In the process I, of course, traveled to Puerto Rico and visited him at the hospital. I realized that for him, over the course of maybe 5-6 hours, life had changed DRASTICALLY... let's leave it at that. One day life was normal, the next... life was not the same, not even close. Why am I sharing this story? Well, by taking care of him and by visiting him, I realized real-time that life is just fragile and can take a turn in any given second. Why worry about the things that at the end of the day, bring no value? The ability to walk and run we are all guilty of taking for granted, we're all guilty of being unappreciative and ungrateful about that God-given blessing... here was my stepdad wanting to give everything for the chance of walking again.
It clicked...
The obvious type of ungratefulness is easy, or can be easy, to control. Is a matter of learning to live happily with what we have. The second less obvious type of ungratefulness, the one where we live lives filled with stress and anger for things without true value, is much less easy to control... unless we read and pay close attention to the key for gratefulness shared with us by God and through the Bible. I've always said it and will forever will... the Bible is God's life manual to us. Everything we need to know about God, about living spiritual lives connected with him, and about living and navigating the circumstances of life, are written in that unique and beautiful book. The teachings about living grateful lives are not the exception.
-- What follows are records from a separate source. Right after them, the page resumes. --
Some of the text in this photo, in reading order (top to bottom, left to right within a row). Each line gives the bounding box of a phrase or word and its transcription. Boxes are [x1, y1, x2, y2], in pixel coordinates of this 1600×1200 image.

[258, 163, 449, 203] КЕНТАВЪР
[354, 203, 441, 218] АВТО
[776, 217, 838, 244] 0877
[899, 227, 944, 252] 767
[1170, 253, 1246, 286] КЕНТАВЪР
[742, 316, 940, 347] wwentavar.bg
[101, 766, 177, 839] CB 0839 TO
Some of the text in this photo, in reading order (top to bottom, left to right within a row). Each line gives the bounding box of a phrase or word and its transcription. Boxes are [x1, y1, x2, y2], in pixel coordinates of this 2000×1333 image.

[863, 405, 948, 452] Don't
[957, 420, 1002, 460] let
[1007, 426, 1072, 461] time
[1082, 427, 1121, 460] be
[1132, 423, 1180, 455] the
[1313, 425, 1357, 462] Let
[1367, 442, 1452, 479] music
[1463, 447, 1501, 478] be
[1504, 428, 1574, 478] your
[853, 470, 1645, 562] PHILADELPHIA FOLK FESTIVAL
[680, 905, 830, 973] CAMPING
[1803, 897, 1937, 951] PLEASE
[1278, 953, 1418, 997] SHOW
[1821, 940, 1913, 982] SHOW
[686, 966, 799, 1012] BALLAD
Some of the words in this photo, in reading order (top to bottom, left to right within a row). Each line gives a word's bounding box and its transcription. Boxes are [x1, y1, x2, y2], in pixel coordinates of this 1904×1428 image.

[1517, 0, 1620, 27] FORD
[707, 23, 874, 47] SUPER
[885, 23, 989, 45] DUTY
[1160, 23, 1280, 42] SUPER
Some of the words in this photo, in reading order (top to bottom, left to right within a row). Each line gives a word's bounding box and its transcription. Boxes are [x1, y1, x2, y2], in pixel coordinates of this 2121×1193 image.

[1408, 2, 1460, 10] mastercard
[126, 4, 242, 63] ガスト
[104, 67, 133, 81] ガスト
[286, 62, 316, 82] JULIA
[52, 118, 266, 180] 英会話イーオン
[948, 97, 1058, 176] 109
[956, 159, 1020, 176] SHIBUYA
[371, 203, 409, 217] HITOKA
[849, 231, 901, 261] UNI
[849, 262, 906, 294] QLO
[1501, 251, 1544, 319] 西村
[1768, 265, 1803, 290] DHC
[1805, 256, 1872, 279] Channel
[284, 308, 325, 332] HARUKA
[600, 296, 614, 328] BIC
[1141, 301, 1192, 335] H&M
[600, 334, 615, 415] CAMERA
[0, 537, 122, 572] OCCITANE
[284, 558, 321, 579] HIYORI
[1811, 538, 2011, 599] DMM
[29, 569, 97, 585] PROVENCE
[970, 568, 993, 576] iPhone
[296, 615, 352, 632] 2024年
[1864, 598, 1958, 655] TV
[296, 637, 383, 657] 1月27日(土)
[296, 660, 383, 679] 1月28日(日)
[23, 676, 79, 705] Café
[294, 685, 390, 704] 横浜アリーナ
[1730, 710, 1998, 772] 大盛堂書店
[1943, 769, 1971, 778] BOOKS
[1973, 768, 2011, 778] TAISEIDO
Jesus knew exactly what was the cure to ungratefulness and, furthermore, the cure for not living purpose-less lives. Here it is:
"Then the King will say to those on His right hand, ‘Come, you blessed of My Father ,inherit the kingdom prepared for you from the foundation of the world: for I was hungry and you gave Me food; I was thirsty and you gave Me drink; I was a stranger and you took Me in; I was naked and you clothed Me; I was sick and you visited Me; I was in prison and you came to Me.’" - Matthew 25:34-36
Can you see it? It is a known fact that nothing fills the human soul like (aside from God) giving and helping the less fortunate. Is just a feeling like no other; almost as if we were designed and created to be like that... hmmm... we actually were :) Ok, that's the purpose part. What about the gratefulness side? Well, by surrounding yourself with people that you can help and give to, by being that hand that helps, in turn you realize all the things that you're blessed on and don't even know it. Get it? Giving and helping others who find themselves in unfortunate situations not only gives you satisfaction and purpose, but a sense of being blessed beyond imagination and a grateful spirit. Seeing my stepdad in the situation he was in made me realize just how stupid I sometimes am and how I often times takes things for granted that I shouldn't.
Closing...
Friend, sister, brother, family... Only through connecting with God we can develop a genuine and devoted giving character which, in turn, acknowledges His blessings and becomes grateful even for the things that many just take for granted. Life can change in the blink of an eye... connect with God today, let Him show you the way to true gratefulness, and I promise that your life will never be the same.